11. The method of claim 10 wherein the predetermined amount of time comprises the range of five to ten cycles.
12. A method of reducing noise caused by torsional vibration in a drillstring while drilling in a subterranean well, the drillstring being part of a drilling assembly having a mud pulse telemetry system capable of sending uplink or downlink signals, the method composing:
detecting torsional vibration in the drillstring; and
changing the downlink signal frequency such that the torsional vibration frequency does not interfere with the downlink signal frequency.
13. A method of detecting torsional vibration in a drillstring while drilling in a subterranean well, the drillstring being part of a drilling assembly having a mud pulse telemetry system capable of sending uplink or downlink signals, the method comprising:
sampling a downhole pressure sensor at a frequency of at least 1 Hertz to obtain a first data set;
cross-correlating the first data set using a reference signal to obtain a second data set;
peak-detecting the second data set to determine whether the second data set indicates torsional vibration in the drillstring; and
sending a warning to the surface of the well if torsional vibration is indicated.
14. The method of claim 13 wherein the reference signal comprises at least one of a step function and a sinusoidal function.
15. The method of claim 13 further comprising:
calculating the torsional vibration frequency; and
filtering out the torsional vibration frequency.
16. A drilling assembly for detecting torsional vibration in a drillstring located in a subterranean well, the assembly comprising:
a drillstring having a bottom hole assembly including a drill bit;
a pressure sensor disposed on the drillstring near the bottom hole assembly;
a control system disposed on the drillstring adjacent the pressure sensor and in communication with the pressure sensor; and
a scheme embedded in the control system adjacent the pressure sensor, the scheme including an algorithm for comparing a plurality of sampled pressures to a pre-determined threshold value, identifying sampled pressures that exceed the pre-determined threshold value, determining whether the drillstring is experiencing torsional vibration, and transmitting an instruction to change the downlink signal frequency in response to torsional vibration.
17. The drilling assembly of claim 16 wherein the scheme further composes:
a median filter;
an FIR filter;
a cross-correlation, algorithm; and
a peak-detect algorithm for applying the pre-determined threshold value to the pressure samples.
18. The drilling assembly of claim 17 further comprising a downhole transmitter for sending a warning signal to the surface of the well when a significant number of the pressure sample values exceed the pre-determined threshold value for a pre-determined amount of time.

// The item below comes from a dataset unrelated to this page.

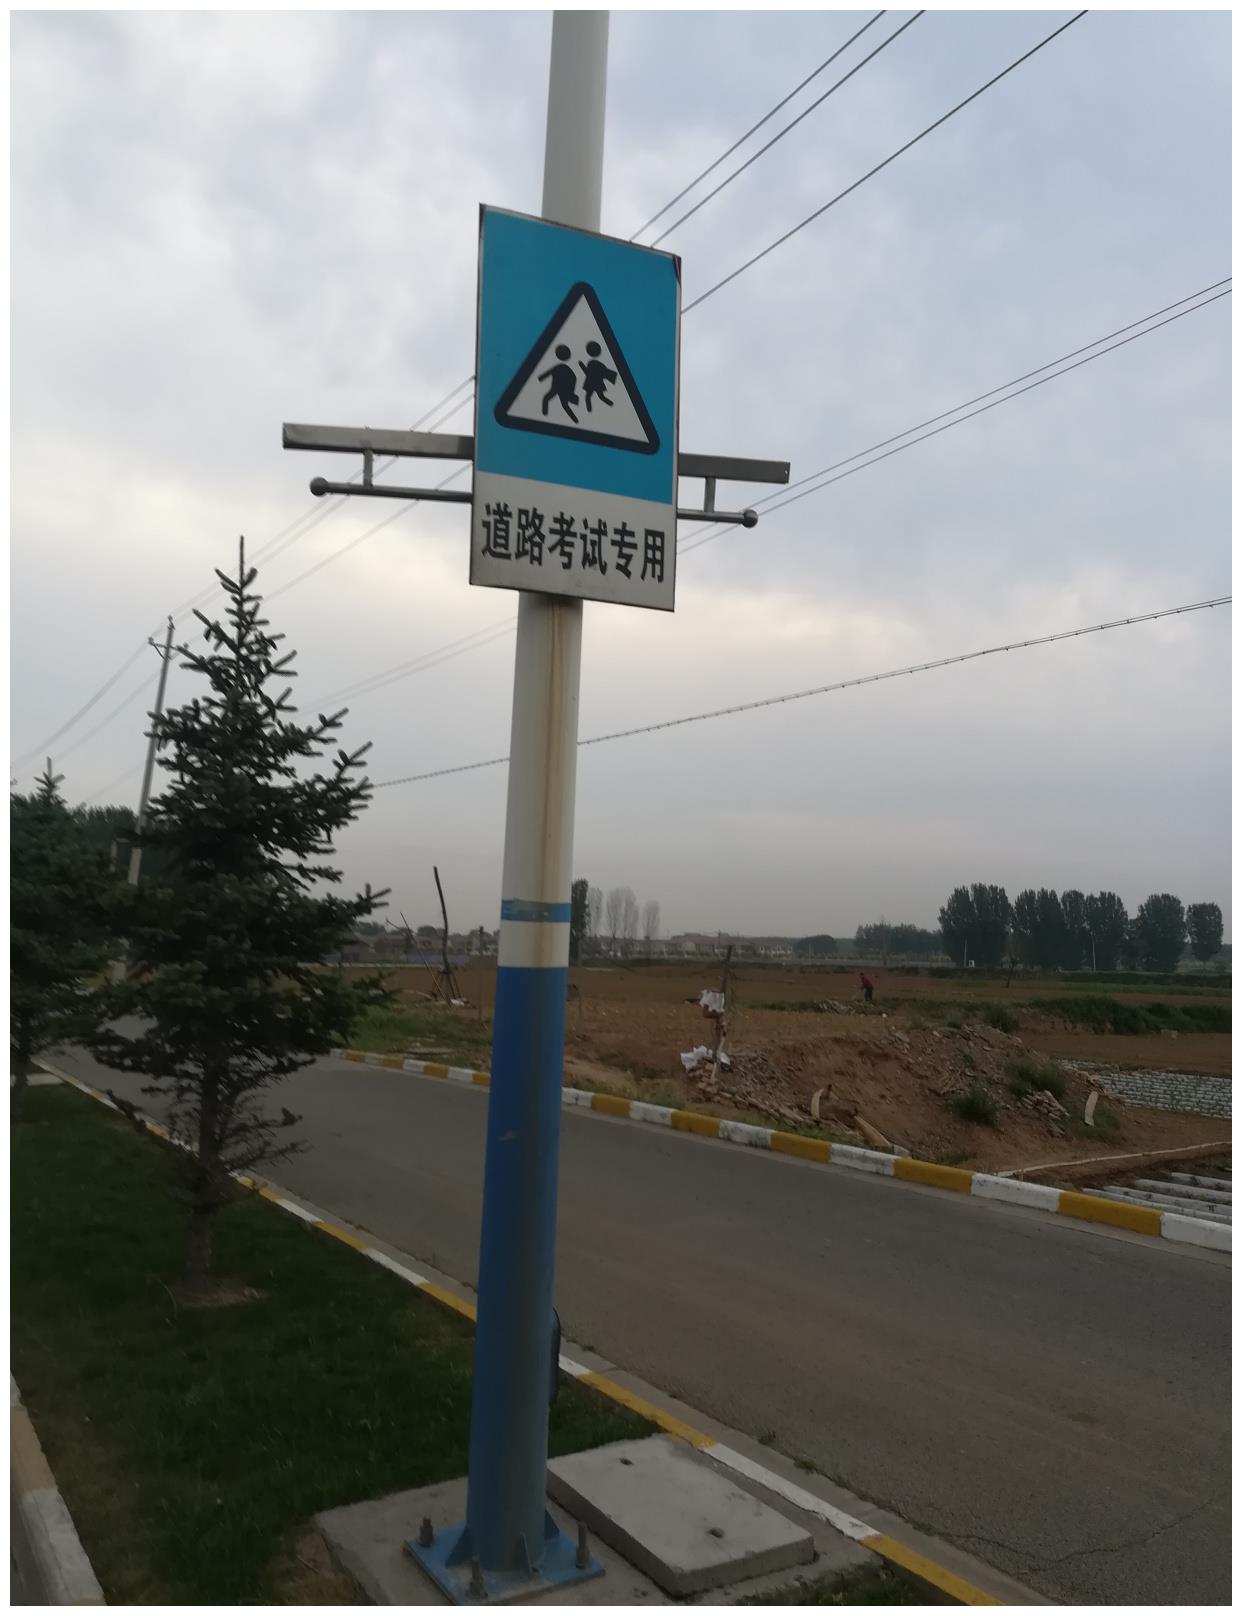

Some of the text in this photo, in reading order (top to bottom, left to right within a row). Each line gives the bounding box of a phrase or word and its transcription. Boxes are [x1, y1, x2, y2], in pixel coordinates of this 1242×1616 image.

19. The drilling assembly of claim 18 wherein the pre-determined amount of time is in the range of five to ten cycles.
20. A method of detecting torsional vibration in a drillstring while conducting a drilling operation in a subterranean well, the method comprising:
disposing a pressure sensor on the drillstring, the drillstring having a bottom hole assembly including a drill bit;
drilling a borehole to a first depth;
locating the pressure sensor adjacent the first depth;
sampling the pressure sensor adjacent the first depth during drilling of the borehole, the sampling occurring within a bore of the drillstring;
obtaining a first pressure data set;
determining whether the data set indicates torsional vibration in the drillstring; and
wherein the determining occurs adjacent the first depth.